Letter 13 is about John Locke and his theories on the immortality of the soul.

Letter 14 compares British philosopher Isaac Newton to French philosopher René Descartes. Upon his death in 1727, Newton was compared to Descartes in a eulogy performed by French philosopher Fontenelle. While the British did not appreciate this comparison, Voltaire argues that Descartes, too, was a great philosopher and mathematician.

Letter 15 focuses on Newton's law of universal gravitation. Letter 16 talks about Newton's work with optics. Letter 17 discusses Newton's work with geometry and his theories on the chronology of history.

===Art===
In Letter 18, Voltaire talks about British tragedy, specifically in the hands of William Shakespeare. Voltaire presents his readers with the famous "To be, or not to be" soliloquy in Hamlet along with a translation into French rhyming verse. He also cites a passage from John Dryden and gives a translation.

In Letter 19, Voltaire addresses British comedy, citing William Wycherley, John Vanbrugh and William Congreve.

Letter 20 speaks briefly of the belles lettres of the nobility, including the Earl of Rochester and Edmund Waller.

Letter 22 references the poetry of Jonathan Swift and Alexander Pope.

In Letter 23, Voltaire argues that the British honour their Men of Letters far better than the French in terms of money and veneration.

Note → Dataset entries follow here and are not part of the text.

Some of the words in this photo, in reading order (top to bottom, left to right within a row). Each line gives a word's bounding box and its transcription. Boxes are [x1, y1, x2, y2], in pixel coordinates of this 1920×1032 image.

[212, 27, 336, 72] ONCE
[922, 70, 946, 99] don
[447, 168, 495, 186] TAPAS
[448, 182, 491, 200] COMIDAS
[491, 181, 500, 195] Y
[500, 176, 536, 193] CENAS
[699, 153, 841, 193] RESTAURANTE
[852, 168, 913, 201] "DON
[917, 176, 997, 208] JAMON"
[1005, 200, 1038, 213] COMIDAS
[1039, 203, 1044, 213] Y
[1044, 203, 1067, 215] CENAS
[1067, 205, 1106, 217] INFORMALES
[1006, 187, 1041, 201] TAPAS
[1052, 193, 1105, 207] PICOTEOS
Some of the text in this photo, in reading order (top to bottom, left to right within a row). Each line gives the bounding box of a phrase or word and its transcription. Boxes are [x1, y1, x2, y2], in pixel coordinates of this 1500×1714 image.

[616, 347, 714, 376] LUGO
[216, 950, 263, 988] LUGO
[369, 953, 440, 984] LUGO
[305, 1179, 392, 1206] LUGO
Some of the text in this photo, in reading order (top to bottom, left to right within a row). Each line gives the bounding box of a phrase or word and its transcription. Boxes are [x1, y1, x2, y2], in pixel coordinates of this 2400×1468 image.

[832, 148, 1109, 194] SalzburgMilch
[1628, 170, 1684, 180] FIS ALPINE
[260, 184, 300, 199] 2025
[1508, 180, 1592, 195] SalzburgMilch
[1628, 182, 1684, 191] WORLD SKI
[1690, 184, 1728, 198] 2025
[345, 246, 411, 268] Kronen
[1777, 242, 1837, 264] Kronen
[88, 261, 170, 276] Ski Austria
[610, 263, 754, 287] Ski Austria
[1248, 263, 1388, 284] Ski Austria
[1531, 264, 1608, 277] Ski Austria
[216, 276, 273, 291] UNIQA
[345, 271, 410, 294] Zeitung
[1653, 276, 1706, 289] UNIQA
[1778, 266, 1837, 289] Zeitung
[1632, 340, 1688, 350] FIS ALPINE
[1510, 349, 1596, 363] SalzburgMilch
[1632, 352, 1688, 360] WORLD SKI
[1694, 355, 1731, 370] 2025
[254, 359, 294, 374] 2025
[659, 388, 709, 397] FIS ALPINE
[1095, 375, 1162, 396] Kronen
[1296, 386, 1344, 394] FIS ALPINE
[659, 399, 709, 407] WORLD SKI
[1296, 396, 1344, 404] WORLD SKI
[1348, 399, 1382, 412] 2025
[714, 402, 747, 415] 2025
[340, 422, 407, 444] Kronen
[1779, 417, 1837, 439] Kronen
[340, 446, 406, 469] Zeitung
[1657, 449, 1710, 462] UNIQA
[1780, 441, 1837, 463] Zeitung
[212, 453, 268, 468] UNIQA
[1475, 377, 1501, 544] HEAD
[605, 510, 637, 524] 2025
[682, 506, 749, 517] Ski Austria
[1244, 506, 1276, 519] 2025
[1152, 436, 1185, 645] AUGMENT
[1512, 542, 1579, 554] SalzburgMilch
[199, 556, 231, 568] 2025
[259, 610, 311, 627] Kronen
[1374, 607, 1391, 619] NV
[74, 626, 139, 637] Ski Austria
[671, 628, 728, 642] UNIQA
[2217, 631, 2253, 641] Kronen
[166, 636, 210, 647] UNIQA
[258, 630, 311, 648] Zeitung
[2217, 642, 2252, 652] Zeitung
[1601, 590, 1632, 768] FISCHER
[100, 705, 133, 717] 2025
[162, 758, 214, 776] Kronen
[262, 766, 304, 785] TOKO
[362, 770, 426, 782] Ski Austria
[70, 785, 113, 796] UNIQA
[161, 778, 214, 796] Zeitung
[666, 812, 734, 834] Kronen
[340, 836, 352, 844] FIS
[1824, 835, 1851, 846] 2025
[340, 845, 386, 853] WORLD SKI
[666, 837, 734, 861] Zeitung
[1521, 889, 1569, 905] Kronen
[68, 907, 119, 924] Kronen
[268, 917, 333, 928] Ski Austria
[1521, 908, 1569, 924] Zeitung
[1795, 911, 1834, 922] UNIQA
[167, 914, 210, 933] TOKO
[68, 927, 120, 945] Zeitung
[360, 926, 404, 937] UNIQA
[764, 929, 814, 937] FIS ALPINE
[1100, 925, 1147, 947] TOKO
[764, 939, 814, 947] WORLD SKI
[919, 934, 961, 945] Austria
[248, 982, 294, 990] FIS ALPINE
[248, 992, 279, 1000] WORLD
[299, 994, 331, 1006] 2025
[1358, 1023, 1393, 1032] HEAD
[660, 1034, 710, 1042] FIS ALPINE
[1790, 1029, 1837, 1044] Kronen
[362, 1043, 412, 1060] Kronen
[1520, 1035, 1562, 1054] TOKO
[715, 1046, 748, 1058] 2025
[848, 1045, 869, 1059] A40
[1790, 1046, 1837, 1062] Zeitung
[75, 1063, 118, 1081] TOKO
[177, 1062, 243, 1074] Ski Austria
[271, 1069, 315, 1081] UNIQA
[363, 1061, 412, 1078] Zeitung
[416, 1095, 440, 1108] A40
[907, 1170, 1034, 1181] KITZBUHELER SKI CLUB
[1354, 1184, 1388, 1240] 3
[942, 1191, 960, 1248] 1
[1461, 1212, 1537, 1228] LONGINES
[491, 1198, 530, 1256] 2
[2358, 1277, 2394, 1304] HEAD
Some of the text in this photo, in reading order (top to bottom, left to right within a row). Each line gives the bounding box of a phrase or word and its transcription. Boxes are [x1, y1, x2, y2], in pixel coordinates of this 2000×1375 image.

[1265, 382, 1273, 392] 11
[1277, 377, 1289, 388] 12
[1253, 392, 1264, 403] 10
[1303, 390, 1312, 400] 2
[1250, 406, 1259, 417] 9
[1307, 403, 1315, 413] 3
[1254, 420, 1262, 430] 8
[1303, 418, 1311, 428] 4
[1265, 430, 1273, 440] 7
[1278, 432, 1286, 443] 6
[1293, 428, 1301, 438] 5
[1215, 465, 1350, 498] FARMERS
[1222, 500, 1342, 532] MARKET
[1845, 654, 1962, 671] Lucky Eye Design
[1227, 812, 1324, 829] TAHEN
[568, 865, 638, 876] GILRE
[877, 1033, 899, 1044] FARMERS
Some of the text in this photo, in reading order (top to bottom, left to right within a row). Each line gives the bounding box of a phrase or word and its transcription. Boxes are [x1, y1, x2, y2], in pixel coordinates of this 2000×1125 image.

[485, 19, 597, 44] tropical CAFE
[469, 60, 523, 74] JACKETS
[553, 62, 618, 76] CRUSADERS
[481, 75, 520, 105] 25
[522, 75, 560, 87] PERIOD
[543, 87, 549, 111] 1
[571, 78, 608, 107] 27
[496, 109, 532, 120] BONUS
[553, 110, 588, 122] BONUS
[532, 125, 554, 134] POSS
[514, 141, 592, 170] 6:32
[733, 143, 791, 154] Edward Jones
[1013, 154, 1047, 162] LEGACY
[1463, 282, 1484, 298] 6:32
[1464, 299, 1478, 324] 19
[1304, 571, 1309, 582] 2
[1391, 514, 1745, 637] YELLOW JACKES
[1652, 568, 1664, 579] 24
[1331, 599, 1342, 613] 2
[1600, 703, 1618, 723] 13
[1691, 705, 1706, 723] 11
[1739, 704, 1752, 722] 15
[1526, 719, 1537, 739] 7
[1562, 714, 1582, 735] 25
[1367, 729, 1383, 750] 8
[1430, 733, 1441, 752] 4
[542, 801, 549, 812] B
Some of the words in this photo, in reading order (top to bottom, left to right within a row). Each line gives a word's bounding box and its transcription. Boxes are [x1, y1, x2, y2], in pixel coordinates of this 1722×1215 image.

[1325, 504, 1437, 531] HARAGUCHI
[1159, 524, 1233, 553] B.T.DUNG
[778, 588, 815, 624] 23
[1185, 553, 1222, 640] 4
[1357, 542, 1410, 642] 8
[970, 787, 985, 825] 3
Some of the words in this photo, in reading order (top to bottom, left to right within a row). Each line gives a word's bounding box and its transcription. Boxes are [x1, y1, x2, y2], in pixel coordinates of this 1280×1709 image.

The last letter, Letter 24, discusses the Royal Society of London, which he compares unfavourably to the Académie Française.

==Letter XXV==

===Philosophy===
In the letter 25, which was not included with the original twenty-four, Voltaire criticizes certain ideas of Blaise Pascal by taking citations from his Pensées and giving his own opinion on the same subject. The most important difference between the two philosophers is in their conception of man. Pascal insists on the miserable aspect of man who must fill the emptiness of his life with amusements, while Voltaire accepts the optimistic Enlightenment view.